■ WORK INSTRUCTIONS:
Transcribe all the entries word for word, skipping the pictures.

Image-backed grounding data
---+---

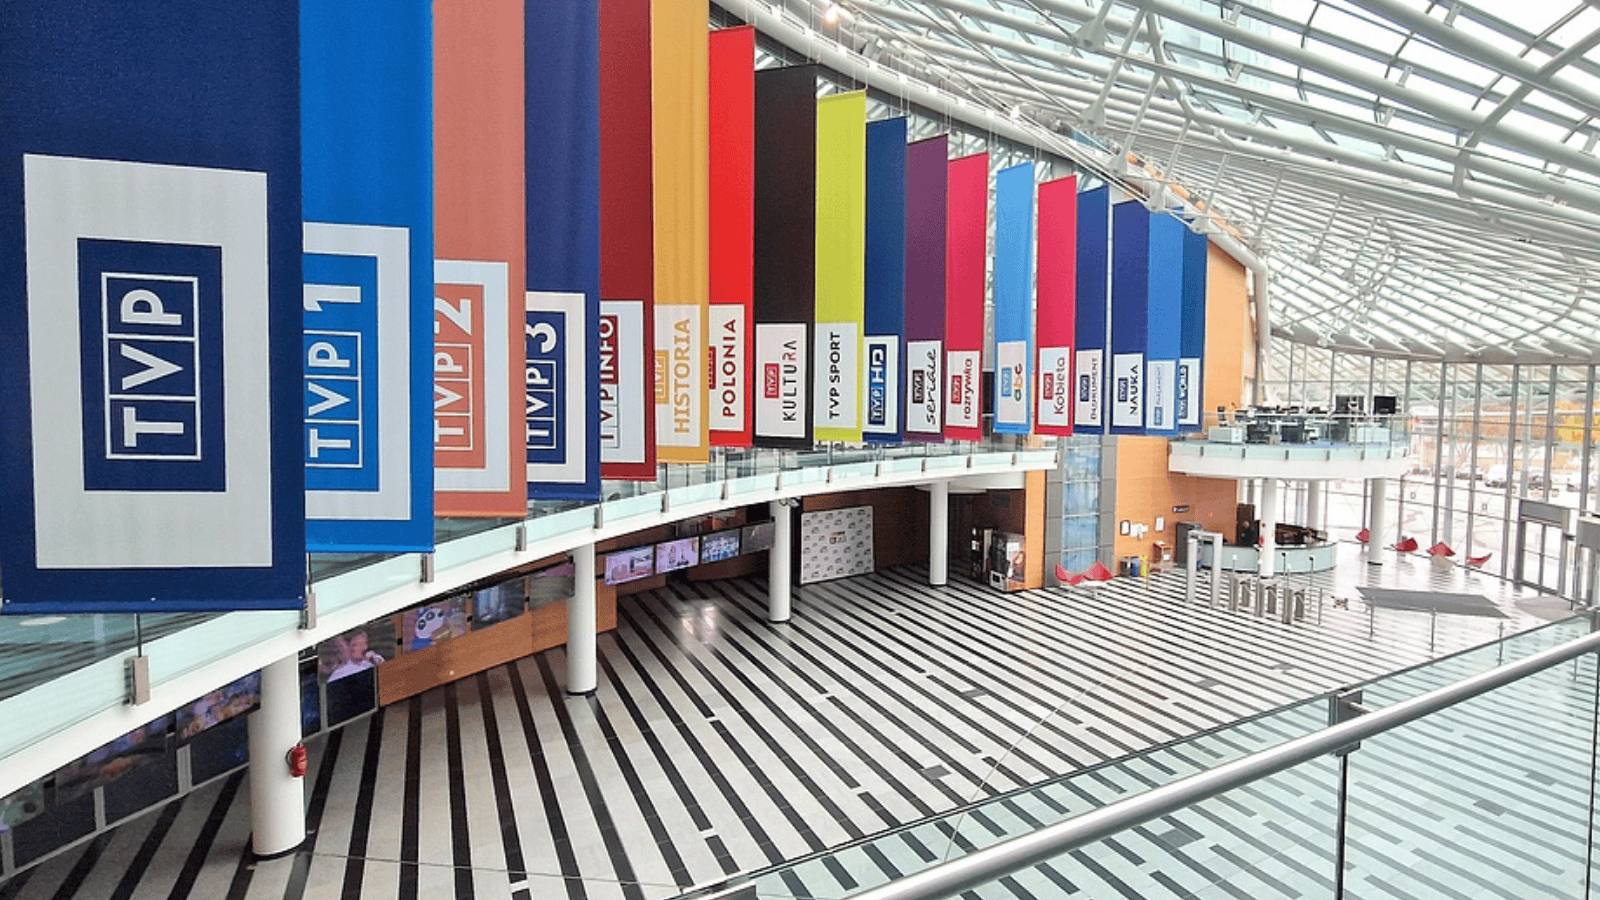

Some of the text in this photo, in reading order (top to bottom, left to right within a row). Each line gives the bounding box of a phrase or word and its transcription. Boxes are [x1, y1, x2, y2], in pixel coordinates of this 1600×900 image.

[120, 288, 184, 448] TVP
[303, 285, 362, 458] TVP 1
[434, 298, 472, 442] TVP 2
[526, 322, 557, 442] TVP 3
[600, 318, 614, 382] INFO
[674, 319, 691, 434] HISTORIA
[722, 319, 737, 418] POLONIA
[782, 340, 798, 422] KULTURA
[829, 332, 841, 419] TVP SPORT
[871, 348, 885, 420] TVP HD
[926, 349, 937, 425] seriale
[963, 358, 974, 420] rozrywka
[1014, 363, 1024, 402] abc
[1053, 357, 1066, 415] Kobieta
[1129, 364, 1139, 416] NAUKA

---+---

■ TASK RESPONSE:
Some of the text in this photo, in reading order (top to bottom, left to right within a row). Each line gives the bounding box of a phrase or word and its transcription. Boxes are [x1, y1, x2, y2], in pixel coordinates of this 1600×900 image.

[120, 288, 184, 448] TVP
[303, 285, 362, 458] TVP 1
[434, 298, 472, 442] TVP 2
[526, 322, 557, 442] TVP 3
[600, 318, 614, 382] INFO
[674, 319, 691, 434] HISTORIA
[722, 319, 737, 418] POLONIA
[782, 340, 798, 422] KULTURA
[829, 332, 841, 419] TVP SPORT
[871, 348, 885, 420] TVP HD
[926, 349, 937, 425] seriale
[963, 358, 974, 420] rozrywka
[1014, 363, 1024, 402] abc
[1053, 357, 1066, 415] Kobieta
[1129, 364, 1139, 416] NAUKA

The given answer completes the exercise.